Methods We retrospectively identified 8 CLL patients with zanubrutinib resistance (1 first-line and 7 relapsed & refractory). Deep targeted-gene next generation sequencing (NGS) covering BTK (exon 1-19), PLCG2 (exon 1-33) and high sensitivity droplet digital PCR (ddPCR) detecting BTK Cys481 mutation were assessed in available serial samples. Single-cell RNA sequencing (scRNA-seq) of matching peripheral blood (PB) and lymph node (LN) were performed in 3 zanubrutinib-resistant patients showing progressive lymphadenopathy.

Results Totally 8 patients were included in our study, the median time from zanubrutinib initiation to progression was 30.5 months, including 2 patients were both histologically confirmed as Richter transformation (RT) after treatment of 13 months. 5 patients presented as LN enlargrment at progression received PET-CT imaging scan and further underwent LN biopsy or puncture at the site of highest SUVmax, 2 patients were diagnosed as RT, 2 as accelerated CLL (aCLL) and 1 as CLL progression. Deep targeted-gene NGS showing that BTK Cys481 mutation was detected in 5 of 8 patients (1 patients also harbored BTK Leu528Trp mutation with low frequency) and PLCG2 mutation was detected in one patient without BTK Cys481 mutation. For 3 patients with undetectable BTK mutation by NGS, ddPCR were performed and one patient was identified harboring BTK Cys481Ser mutation (progressed due to lymphadenopathy but NGS performed in bone marrow), suggesting spatial clonal heterogeneity in zanubrutinib-resistant patients.

Six patients were available for longitudinal deep targeted-gene NGS and the dynamic model of clonal evolution were depicted during zanubrutinib resistance. TP53, EGR2, NOTCH1 and SF3B1 were main driving clones in zanubrutinib resistance. 2 patients showed new-emerging TP53 mutation clones at the time of progression and another 2 patients showed persistent stable TP53 mutation clones.

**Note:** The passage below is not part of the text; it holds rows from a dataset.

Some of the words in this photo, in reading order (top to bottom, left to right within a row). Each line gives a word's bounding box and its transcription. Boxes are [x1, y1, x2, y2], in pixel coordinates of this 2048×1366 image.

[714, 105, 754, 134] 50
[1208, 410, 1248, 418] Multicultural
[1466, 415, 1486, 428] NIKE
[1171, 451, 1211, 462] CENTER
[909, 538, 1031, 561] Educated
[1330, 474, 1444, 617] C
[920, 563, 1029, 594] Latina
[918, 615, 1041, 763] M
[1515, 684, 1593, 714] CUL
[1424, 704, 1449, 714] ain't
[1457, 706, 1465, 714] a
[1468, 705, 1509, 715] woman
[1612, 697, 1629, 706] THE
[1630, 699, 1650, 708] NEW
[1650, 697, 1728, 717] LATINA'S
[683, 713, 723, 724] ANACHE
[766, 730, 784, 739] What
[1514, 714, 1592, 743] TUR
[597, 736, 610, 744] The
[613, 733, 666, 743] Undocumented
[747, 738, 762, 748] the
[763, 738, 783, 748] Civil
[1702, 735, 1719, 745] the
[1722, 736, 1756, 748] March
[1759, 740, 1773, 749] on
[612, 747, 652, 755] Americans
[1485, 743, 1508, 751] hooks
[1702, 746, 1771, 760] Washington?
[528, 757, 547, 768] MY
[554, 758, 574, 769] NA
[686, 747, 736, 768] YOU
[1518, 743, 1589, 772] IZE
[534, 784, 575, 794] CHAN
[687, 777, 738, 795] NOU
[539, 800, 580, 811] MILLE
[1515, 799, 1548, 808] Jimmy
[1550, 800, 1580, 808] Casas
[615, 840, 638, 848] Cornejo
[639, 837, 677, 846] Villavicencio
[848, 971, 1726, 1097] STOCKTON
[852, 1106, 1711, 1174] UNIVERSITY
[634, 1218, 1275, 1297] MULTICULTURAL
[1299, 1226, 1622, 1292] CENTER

SF3B1, EGR2 and BIRC3 mutation clones maintained its stability during zanubrutinib resistanc while BTK Cys481, as the secondary drug resistance mechanisms, evolved during zanubrutinib treatment and underwent clonal expansion due to positive clone selection.

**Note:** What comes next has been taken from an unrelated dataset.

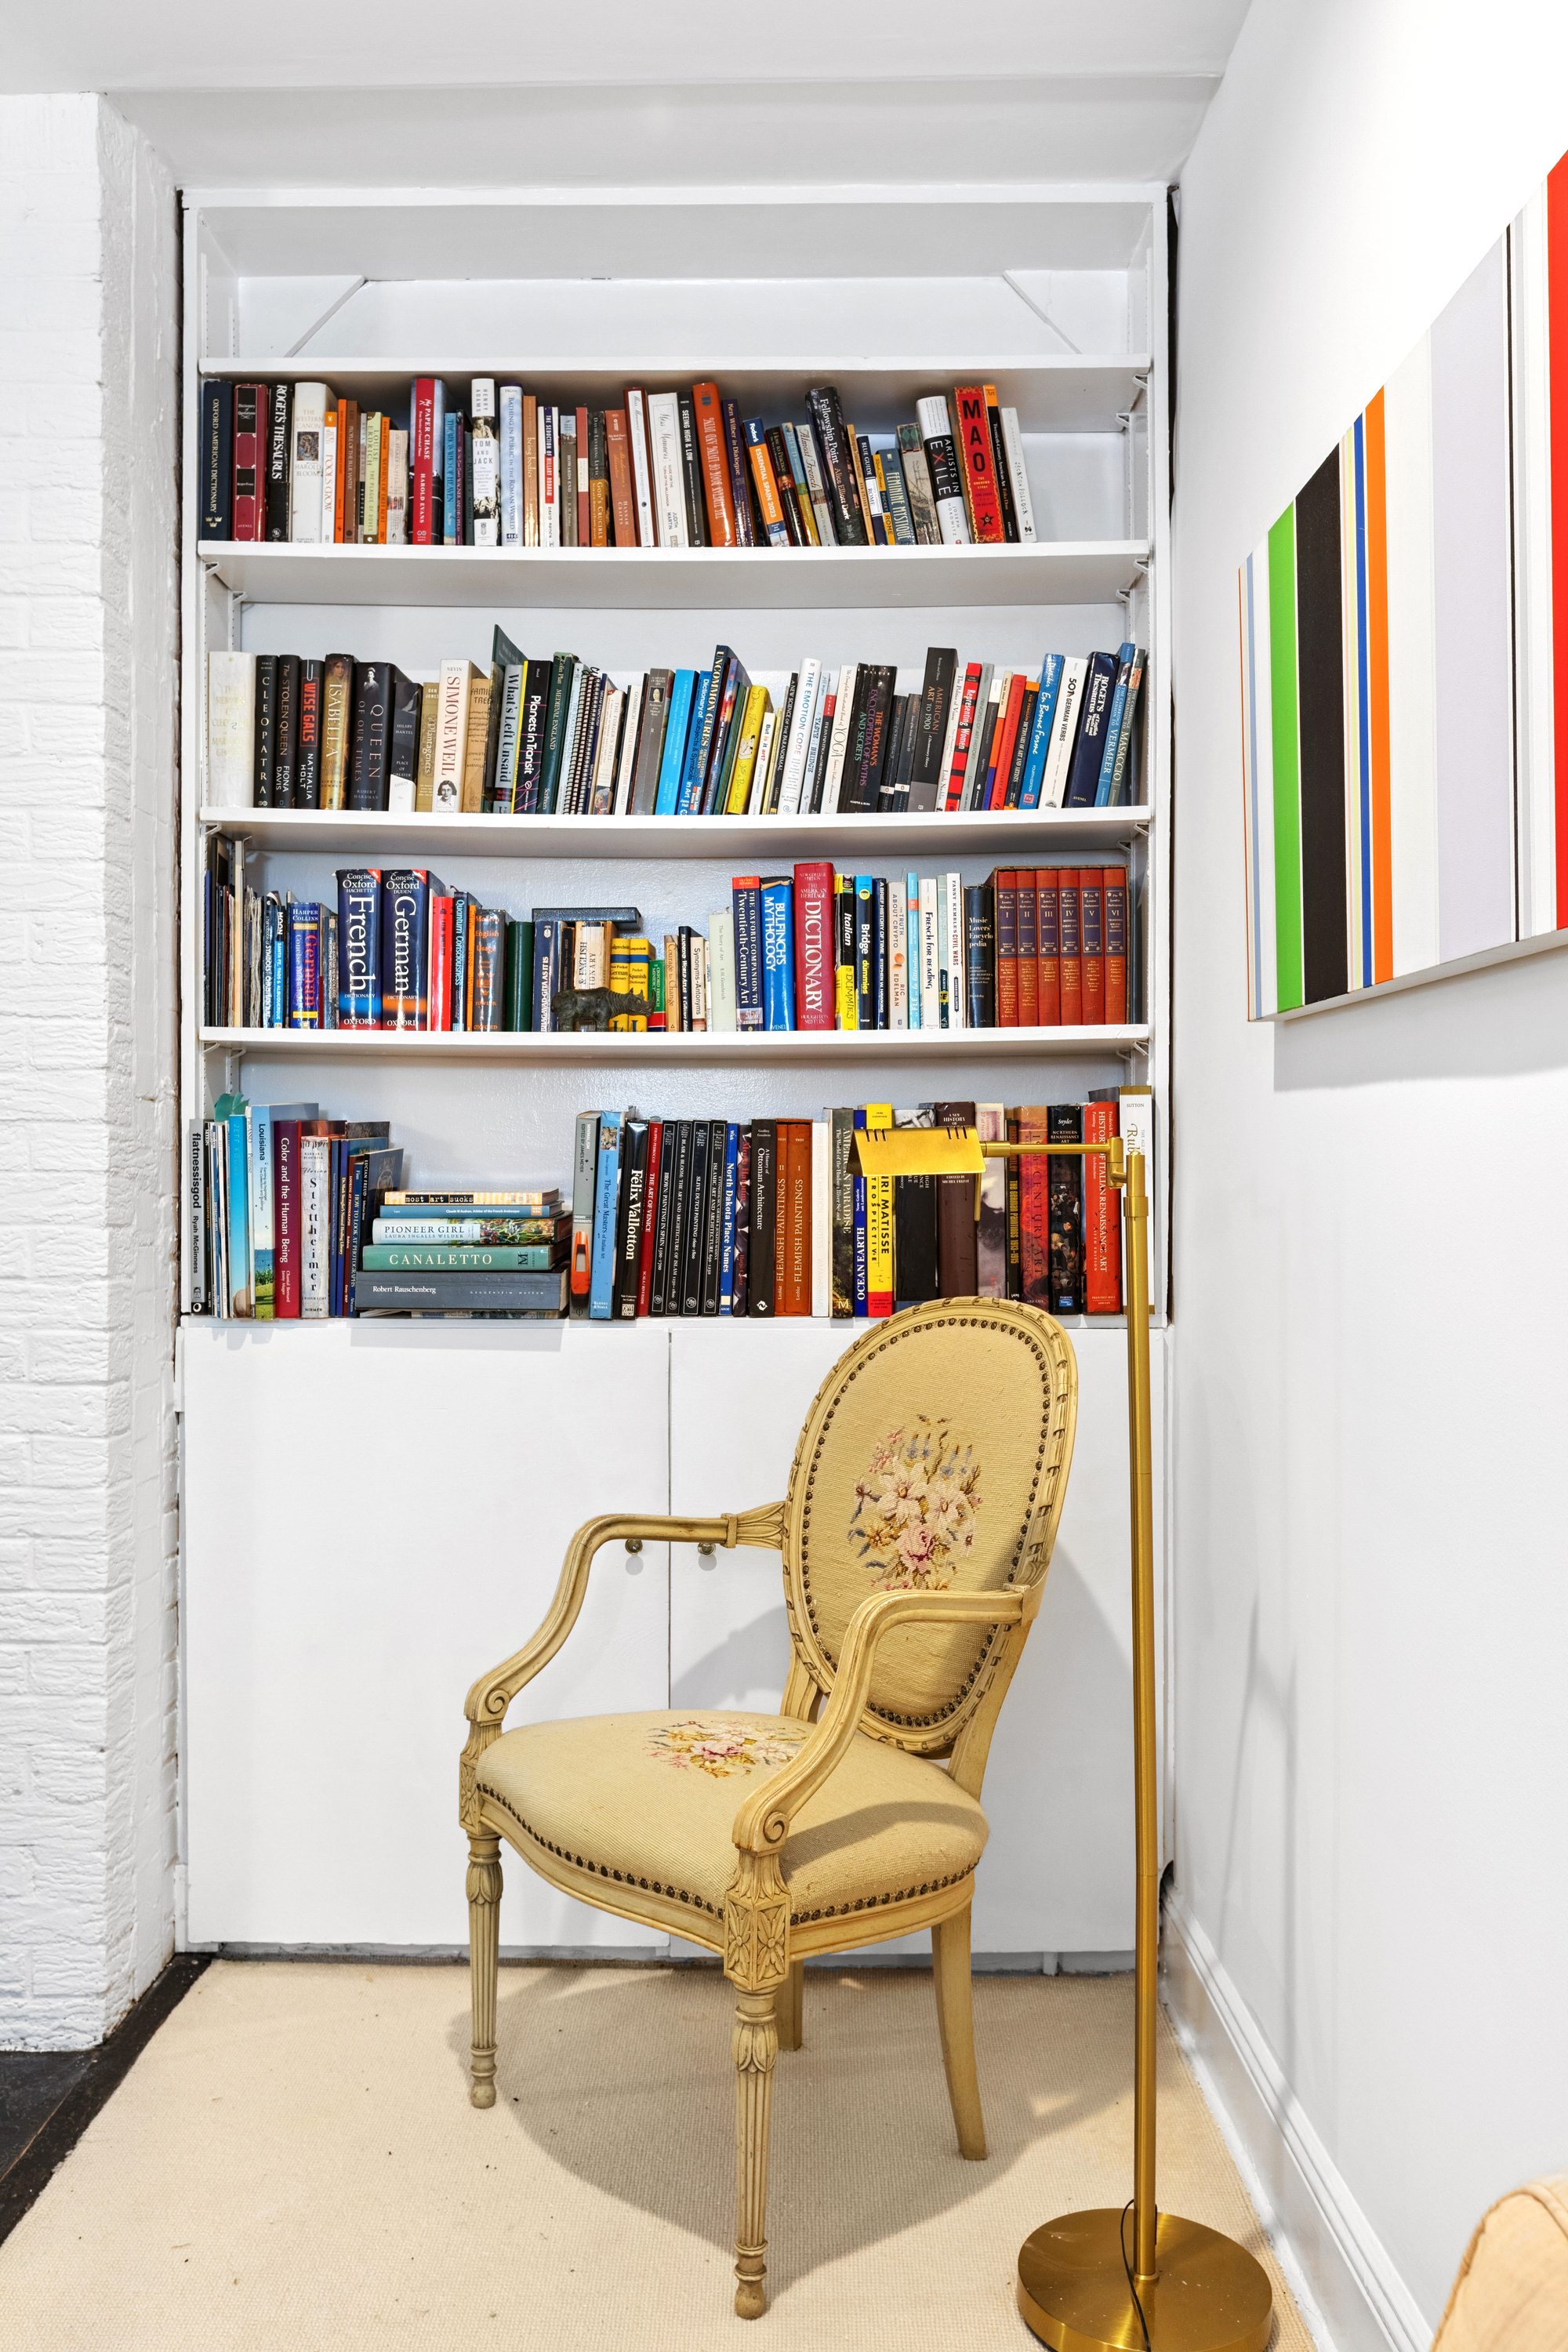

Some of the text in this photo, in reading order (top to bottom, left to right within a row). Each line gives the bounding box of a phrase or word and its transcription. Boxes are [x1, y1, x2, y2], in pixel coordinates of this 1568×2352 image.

For 3 patients showing progressive lymphadenopathy, matched PB and LN scRNA-seq were performed. Notably, highest proportion of proliferating tumor cells was found in RT patients. The analysis of BCL-2 anti-apoptotic family genes expression showed that tumor cells in RT showed significantly higher expression of MCL-1 while tumor cells in progressive CLL showed relatively higher expression of BCL-2, indicating the shift of BCL-2 family dependence among different disease characteristics. Transcriptional regulon analysis showed that transcriptional factors like PAX5, FOXP1 and KLF8 displayed higher activity in progressive CLL and factors like ATF3, IRF5 and IRF8 showed relatively higher activity in RT. The transcriptional regulation of BCL-2 anti-apoptotic family genes expression remained to be explored further.

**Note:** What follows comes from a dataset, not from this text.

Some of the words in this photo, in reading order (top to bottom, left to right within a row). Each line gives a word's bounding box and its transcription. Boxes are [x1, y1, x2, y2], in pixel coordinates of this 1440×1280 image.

Conclusion: Integrated multi-omics were performed in our zanubrutinib-resistant CLL patients cohort. Due to spatial heterogeneity and clonal evolution among patients, deep targeted-gene NGS and ddPCR should be used complementarily to evaluate the emergence of resistant clones. BTK Cys481 and Leu528 were two main BTK resistant mutations in zanubrutinib resistant CLL patients. Moreover, TP53, EGR2, NOTCH1 and SF3B1 were also found remain persistent and be the driving clones during zanubrutinib resistance. scRNA-seq analysis of BCL-2 anti-apototic family expression revealed that CLL patients progressed to RT depended mainly on MCL-1 while CLL progressive patients depended on BCL-2, indicating that higher MCL-1 expression of RT might lead to insensitivity to venetoclax treatment following zanubrutinib resistance.

No relevant conflicts of interest to declare.